Since Clinton, Washington has been a place where it needs to be completely cleaned and rebuilt.
.....Alberto Gonzales, it's time to ear your paycheck......
Indeed. It is also up to the President to press the issue as a law enforcement issue using the existing legal machinery rather than hiding behind a Special counsel.
In a February 2000 story on CBS' "60 Minutes," correspondent Steve Kroft introduced the piece on the Clinton-era spy program by saying: "If you've made a phone call today or sent an e-mail to a friend, there's a good chance that what you said or wrote was captured or screened by the country's largest intelligence agency."

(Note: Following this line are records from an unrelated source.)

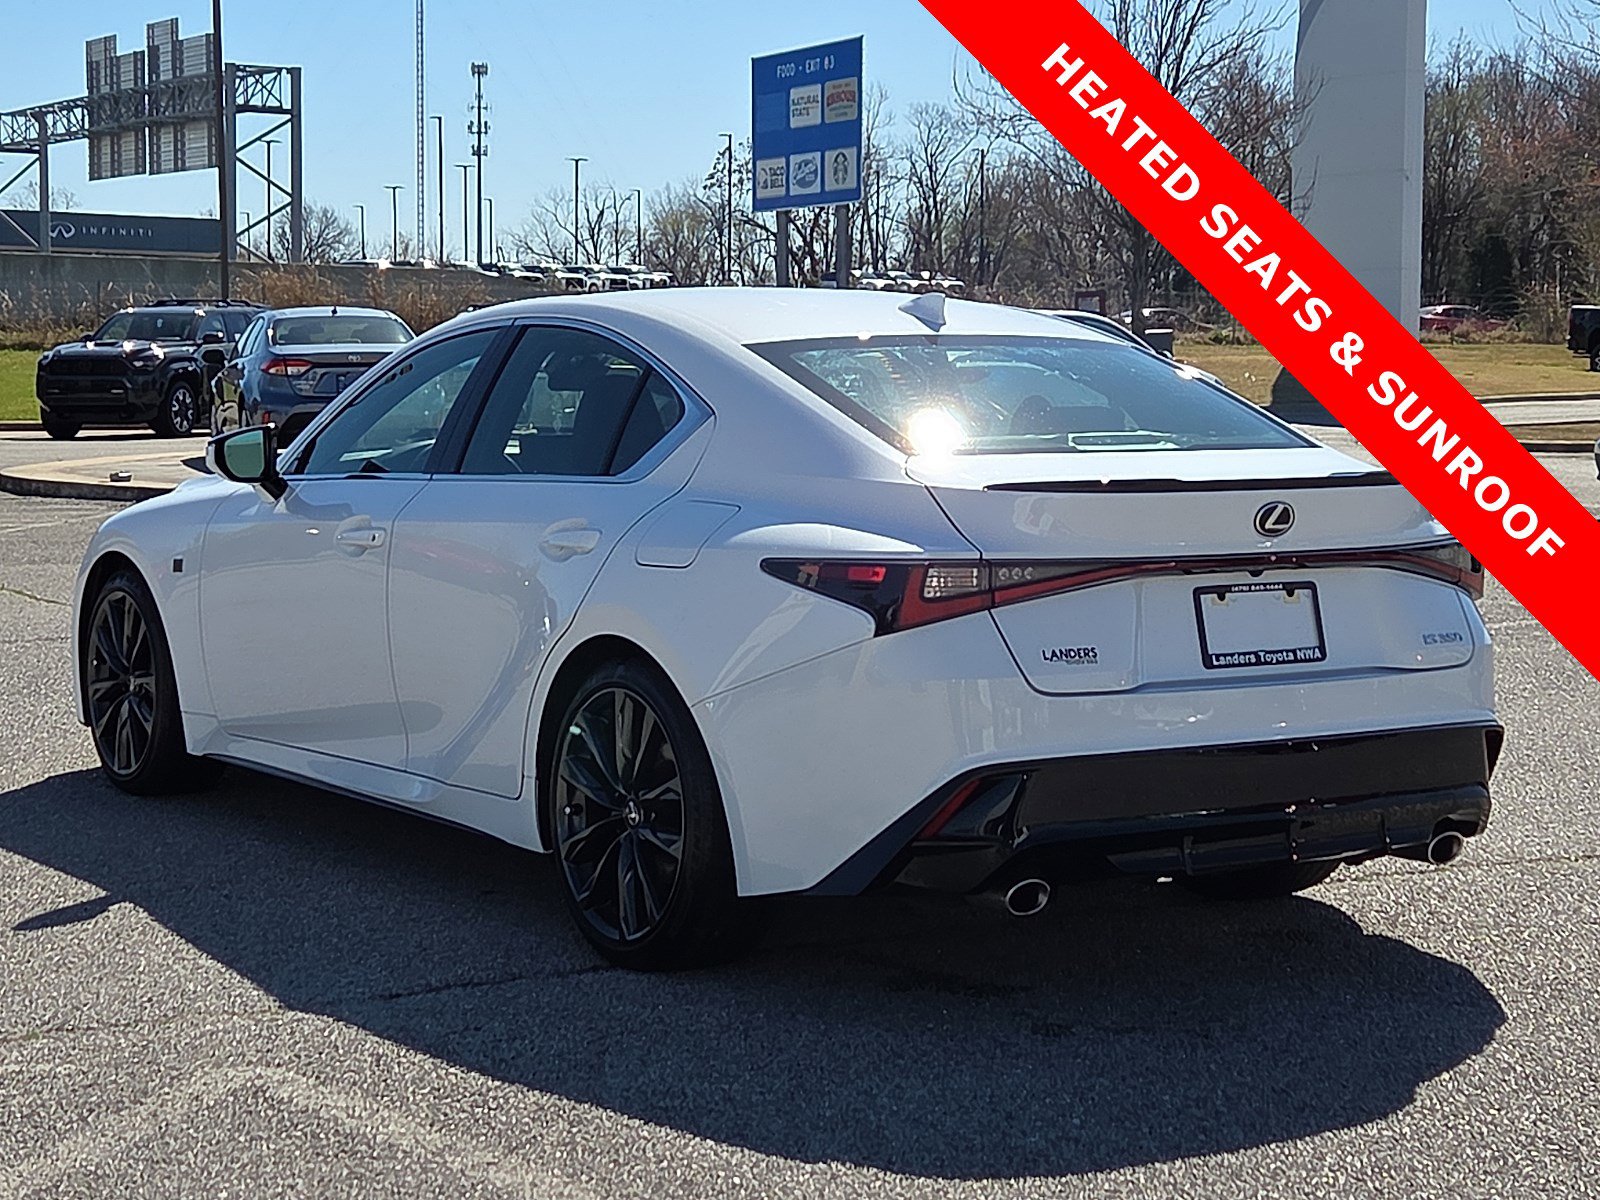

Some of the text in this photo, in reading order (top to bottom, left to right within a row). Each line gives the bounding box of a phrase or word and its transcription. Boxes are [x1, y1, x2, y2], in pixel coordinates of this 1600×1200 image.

[777, 62, 796, 78] FOOD
[805, 57, 821, 74] EXIT
[768, 165, 785, 177] TACO
[769, 177, 784, 190] BELL
[82, 225, 153, 238] INFINITI
[1041, 646, 1098, 662] LANDERS
[1212, 647, 1322, 666] Landers Toyota NWA
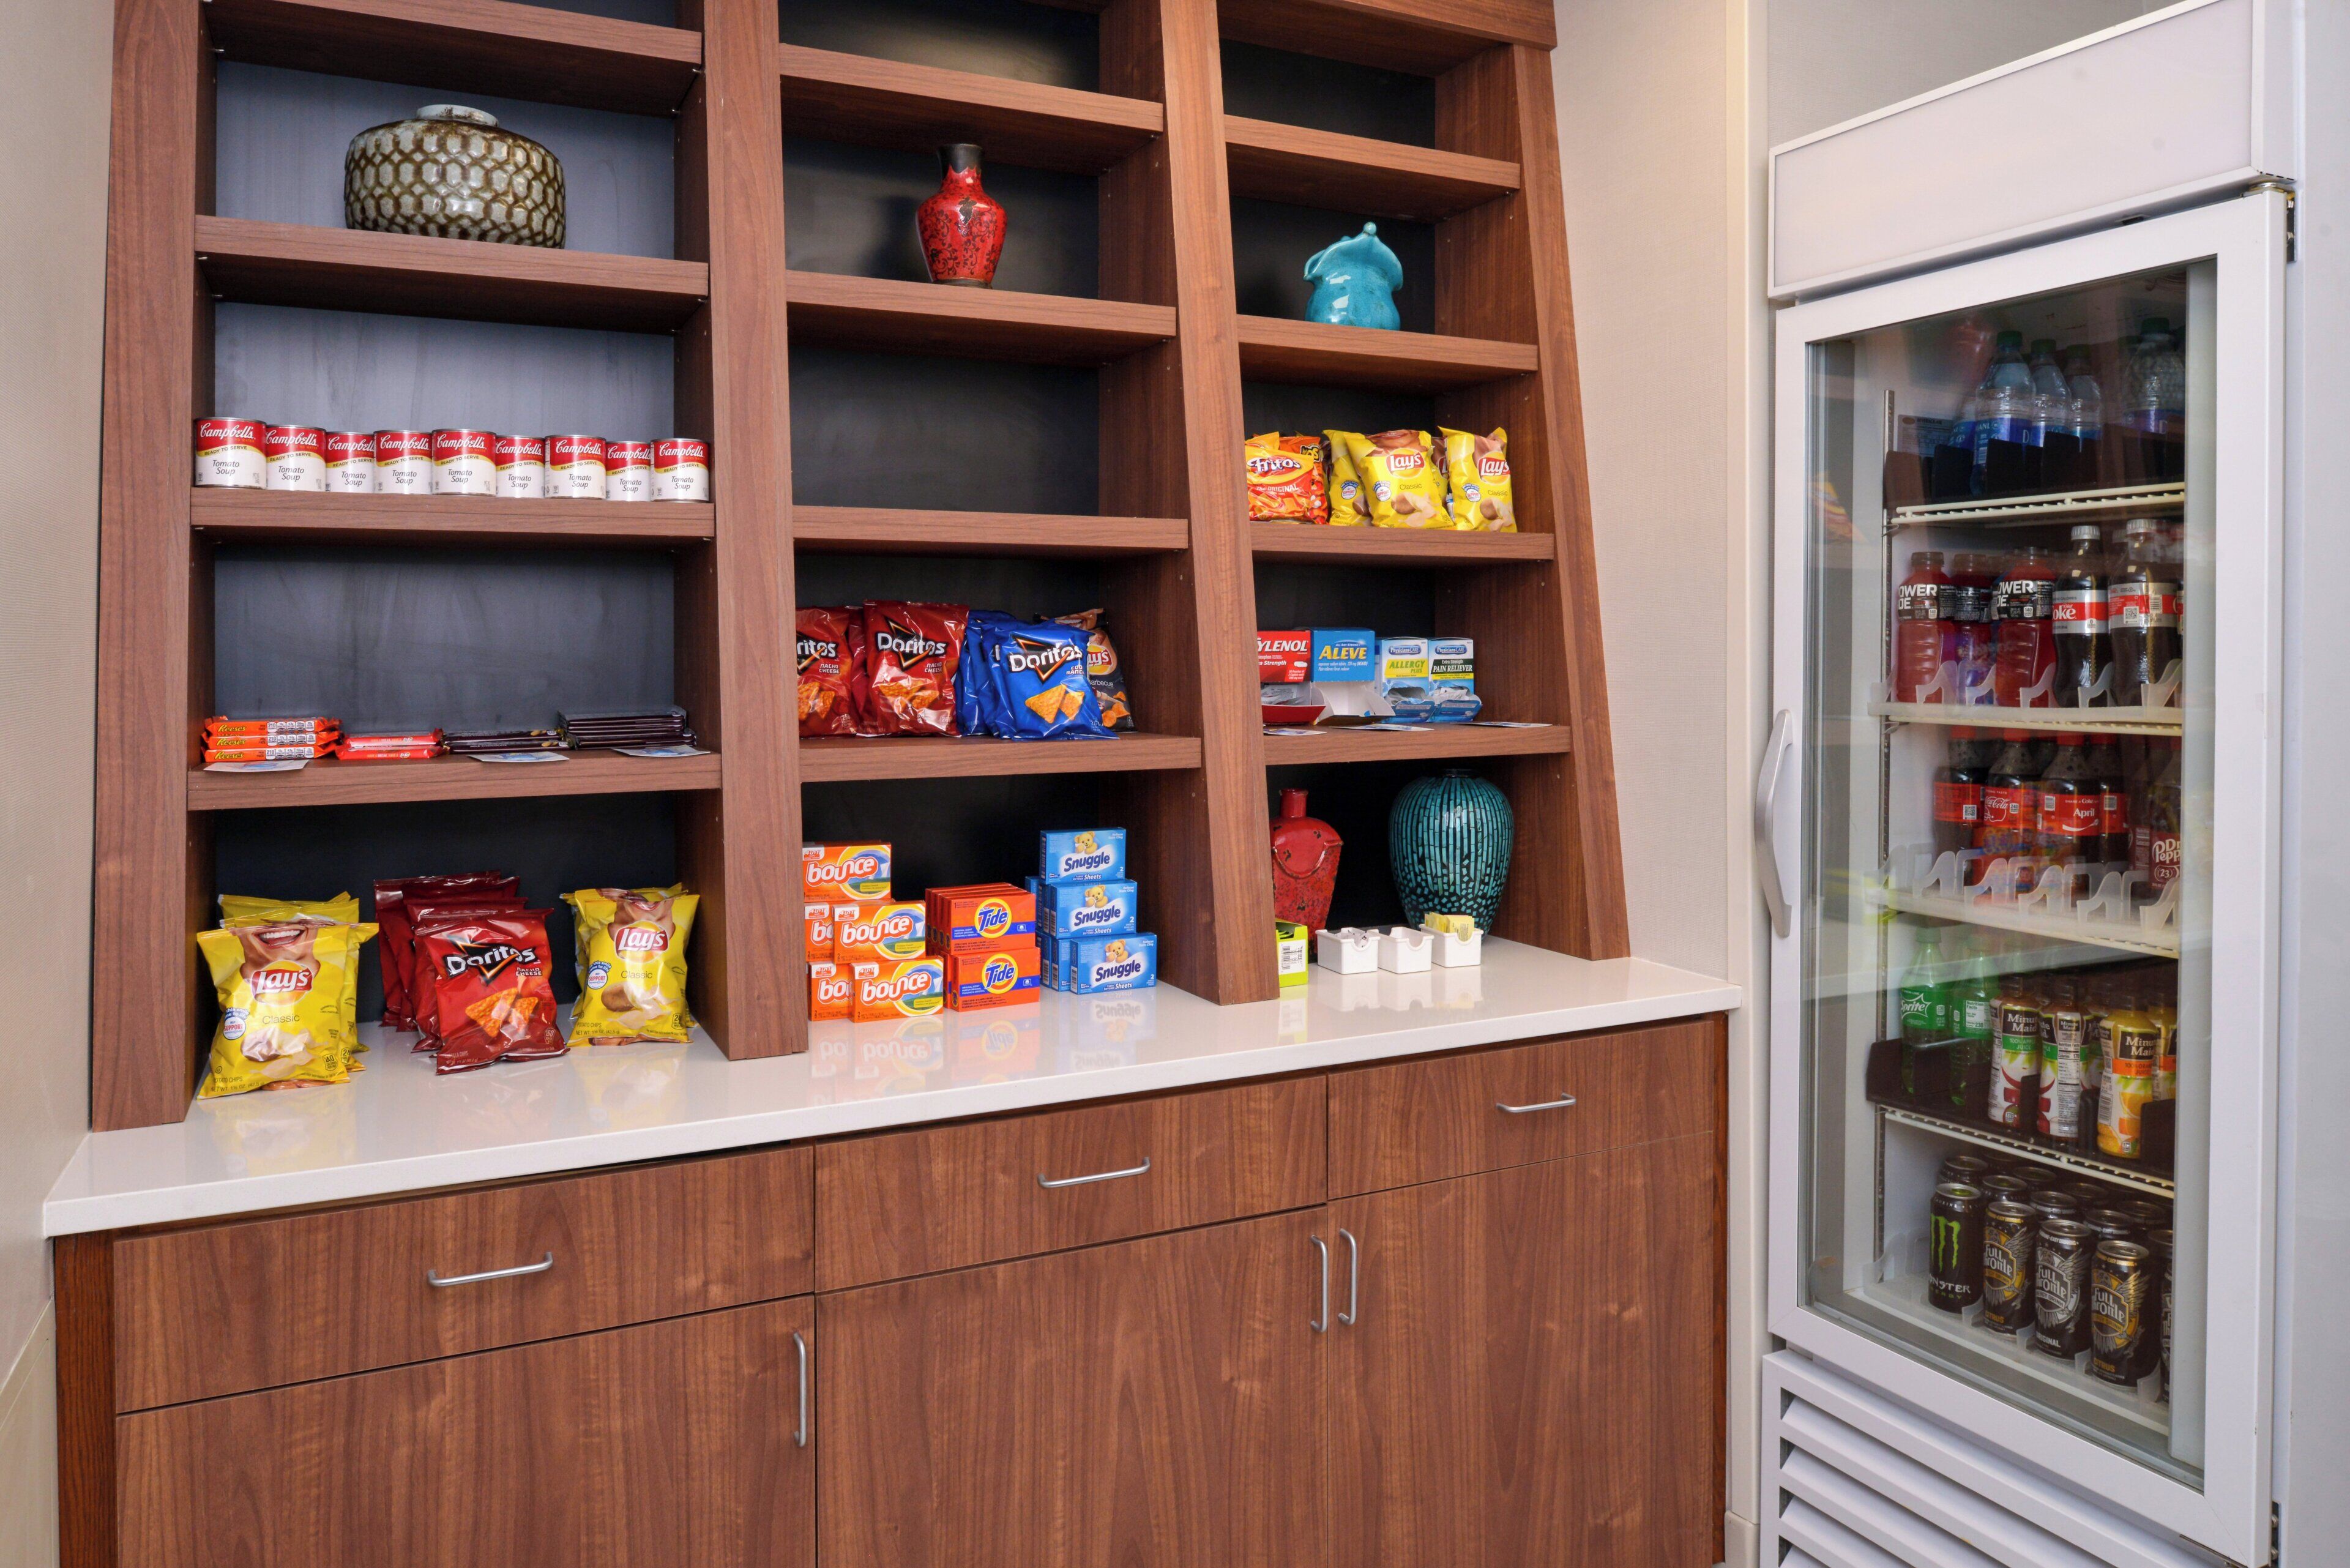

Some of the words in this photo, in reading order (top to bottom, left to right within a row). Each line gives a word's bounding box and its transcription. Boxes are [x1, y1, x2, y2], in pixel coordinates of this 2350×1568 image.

One Echelon operator in Britain told "60 Minutes" that it had even monitored and tape-recorded the conversations of the late Sen. Strom Thurmond.
----All animals are equal, but some animals are more equal than others ...
Sound familiar?
Yep, sure does, but the direct quote from 1984 is:
"All animals are equal, but the pigs are more equal"
Adding "pigs" actually fits this situation better, don't you think? ----
1984 ???
Never mind the fact that the "anonymous" sources could have been lying in the first place. My point is this: The NYT and James Risen made baseless accusations based upon testimony from "anonymous" sources. Did President Bush "take the bait"?
Now the President (and his "honesty-to-a-fault") is in the uncomfortable situation of defending himself in his use of this controversial operation.
Just an observation ...
I think somebody's forgetting - when Republicans do it, it's called a leak, but when Democrats do it, it's called whistleblowing. That's the nuanced mind at work - something we need more of in the complex world of today. Mr. Ketsup couldn't have said it better.
By your reasoning, it is legal to "leak" any covert operation that is being conducted in accordance with the law. Perhaps it would be illegal to leak details of a program that had not passed legal muster?